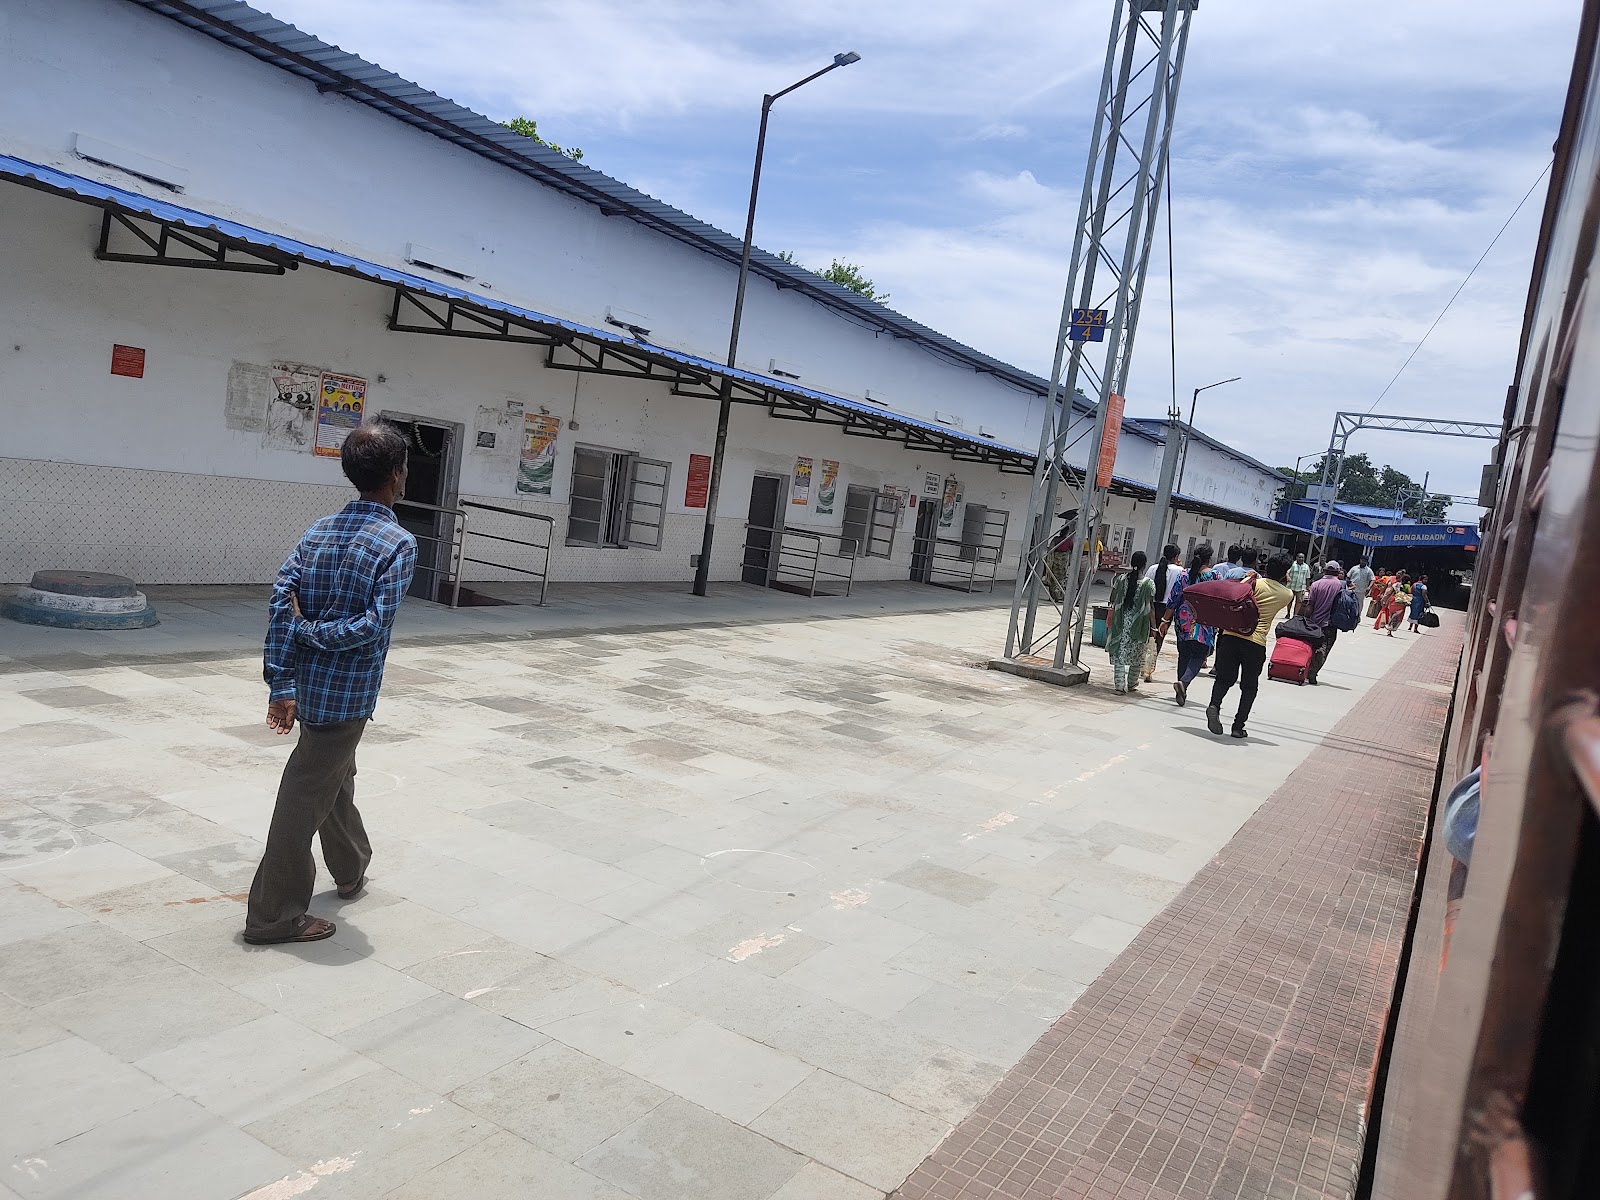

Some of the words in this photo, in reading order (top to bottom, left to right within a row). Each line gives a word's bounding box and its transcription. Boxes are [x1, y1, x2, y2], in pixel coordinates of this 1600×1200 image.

[1076, 310, 1103, 324] 254
[1081, 326, 1091, 340] 4
[341, 383, 365, 393] MEETING
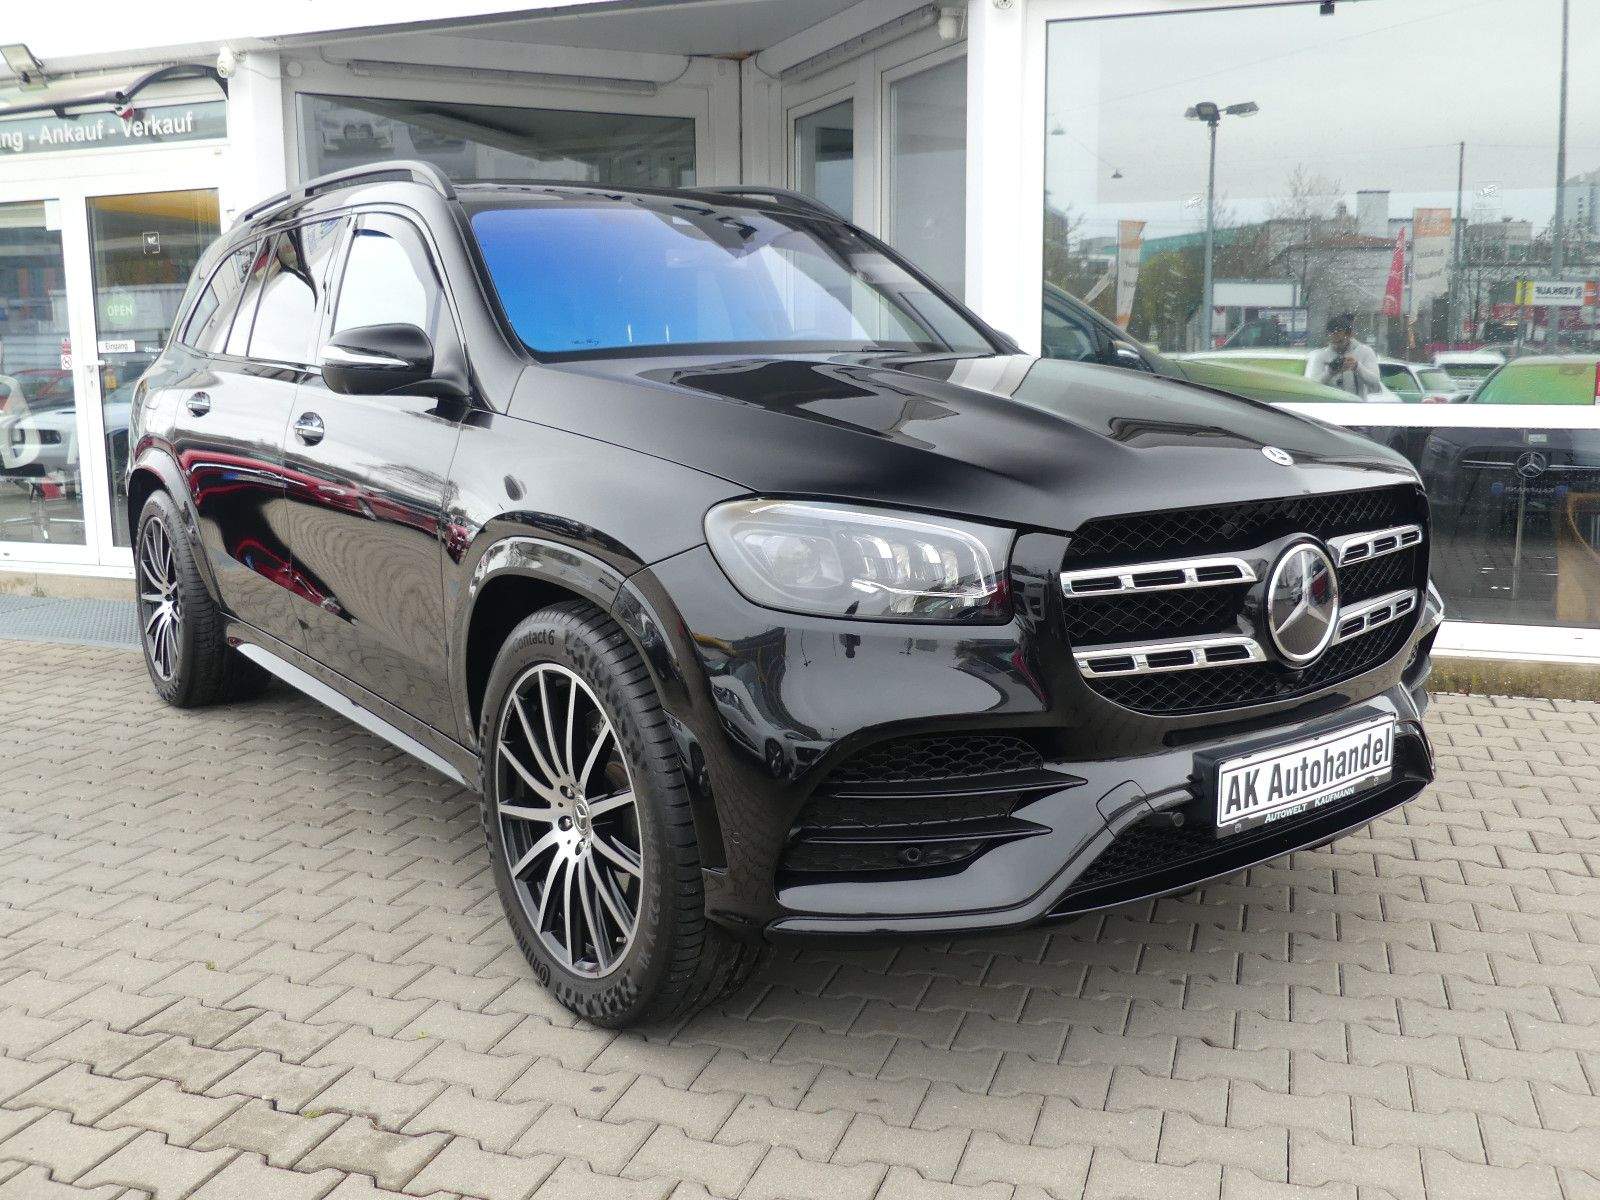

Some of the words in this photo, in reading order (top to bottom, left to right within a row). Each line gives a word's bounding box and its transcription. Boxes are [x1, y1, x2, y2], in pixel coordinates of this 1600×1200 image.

[0, 132, 24, 151] ng
[38, 119, 104, 145] Ankauf
[120, 111, 193, 138] Verkauf
[107, 303, 133, 317] OPEN
[1225, 768, 1260, 815] AK
[1267, 728, 1390, 801] Autohandel
[1265, 802, 1308, 824] AUTOWELT
[1314, 786, 1355, 807] KAUFMANN
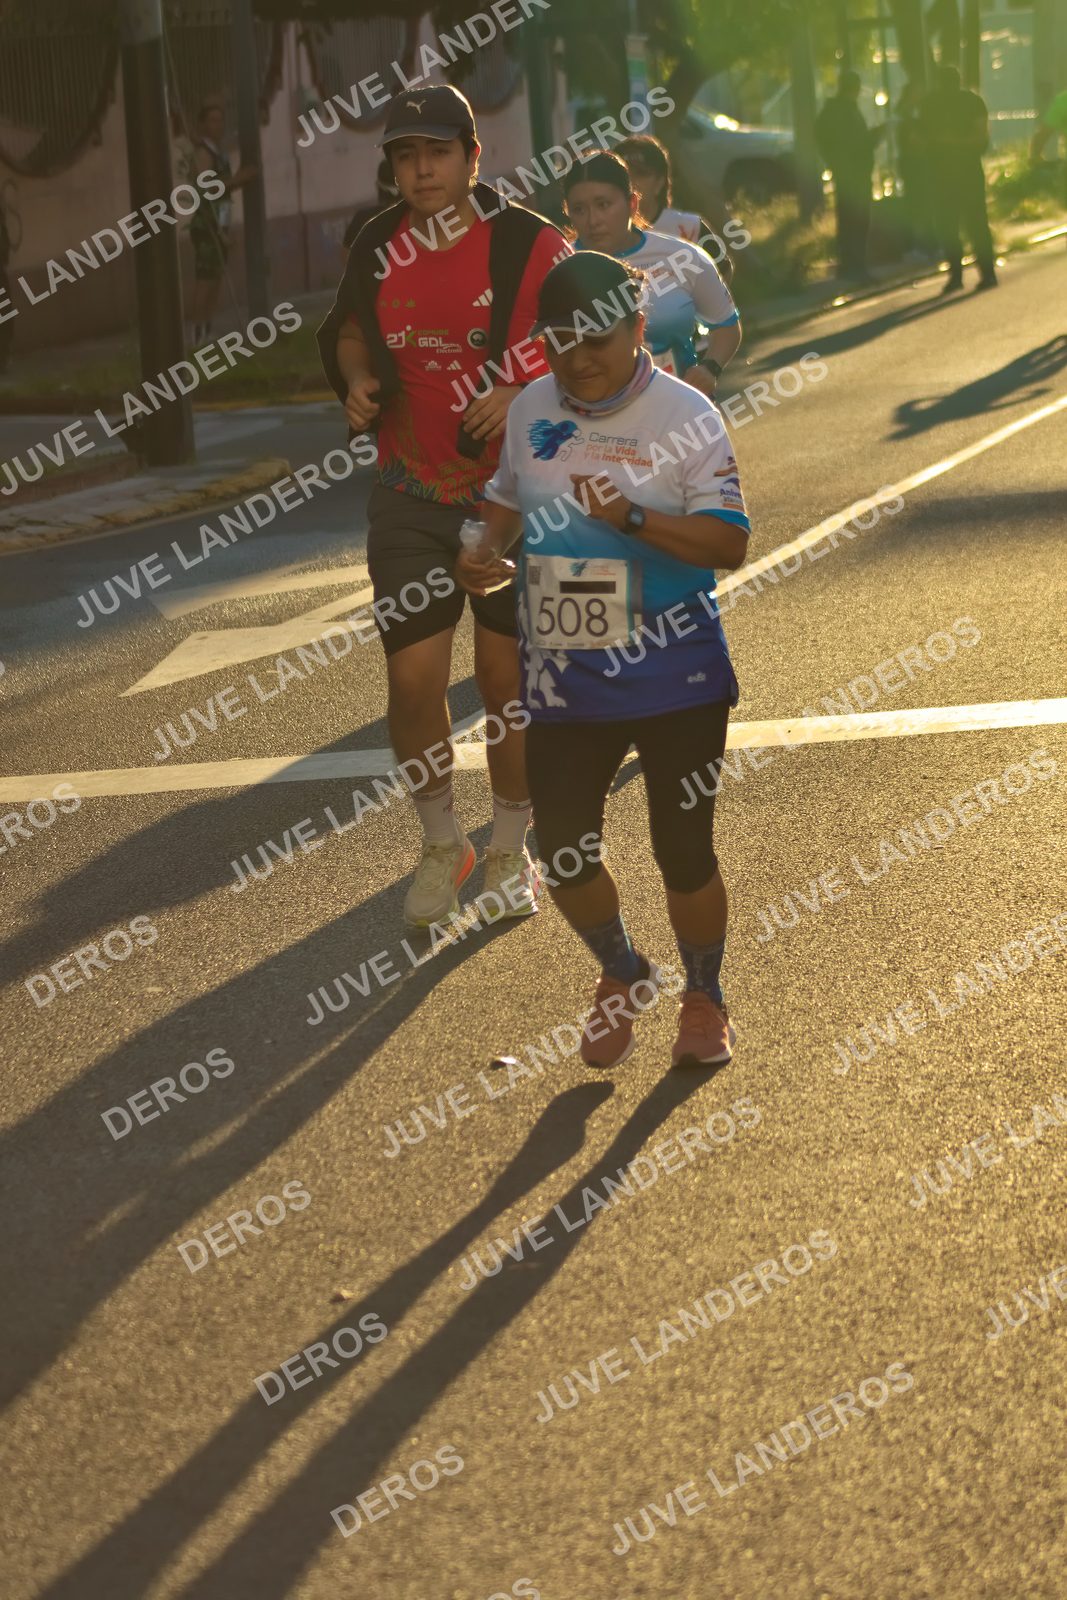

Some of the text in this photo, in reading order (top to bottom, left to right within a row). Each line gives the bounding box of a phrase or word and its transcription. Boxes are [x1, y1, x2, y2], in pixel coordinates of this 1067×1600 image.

[418, 336, 446, 347] GDL
[589, 432, 638, 446] Carrera
[586, 444, 601, 452] por
[616, 447, 636, 456] Vida
[536, 596, 608, 637] 508
------------------------------------------------
# Instructions for the task
The entries are to be restated word for word, with pictures omitted.

# Output of the exercise
Some of the words in this photo, in reading order (top to bottom, left to right within a row). Each line gives a word's bounding box and its transcription. Boxes are [x1, y1, x2, y2], in pixel coordinates of this 1600×1200 image.

[1076, 310, 1103, 324] 254
[1081, 326, 1091, 340] 4
[341, 383, 365, 393] MEETING

Some of the words in this photo, in reading order (top to bottom, left to right within a row). Each line gives a word's bounding box and its transcription. Boxes are [x1, y1, x2, y2], in pixel coordinates of this 1600×1200 image.

[0, 132, 24, 151] ng
[38, 119, 104, 145] Ankauf
[120, 111, 193, 138] Verkauf
[107, 303, 133, 317] OPEN
[1225, 768, 1260, 815] AK
[1267, 728, 1390, 801] Autohandel
[1265, 802, 1308, 824] AUTOWELT
[1314, 786, 1355, 807] KAUFMANN

Some of the text in this photo, in reading order (top to bottom, left to right within a row). Each line gives the bounding box of a phrase or word and its transcription. Boxes are [x1, y1, x2, y2], in pixel coordinates of this 1067×1600 image.

[418, 336, 446, 347] GDL
[589, 432, 638, 446] Carrera
[586, 444, 601, 452] por
[616, 447, 636, 456] Vida
[536, 596, 608, 637] 508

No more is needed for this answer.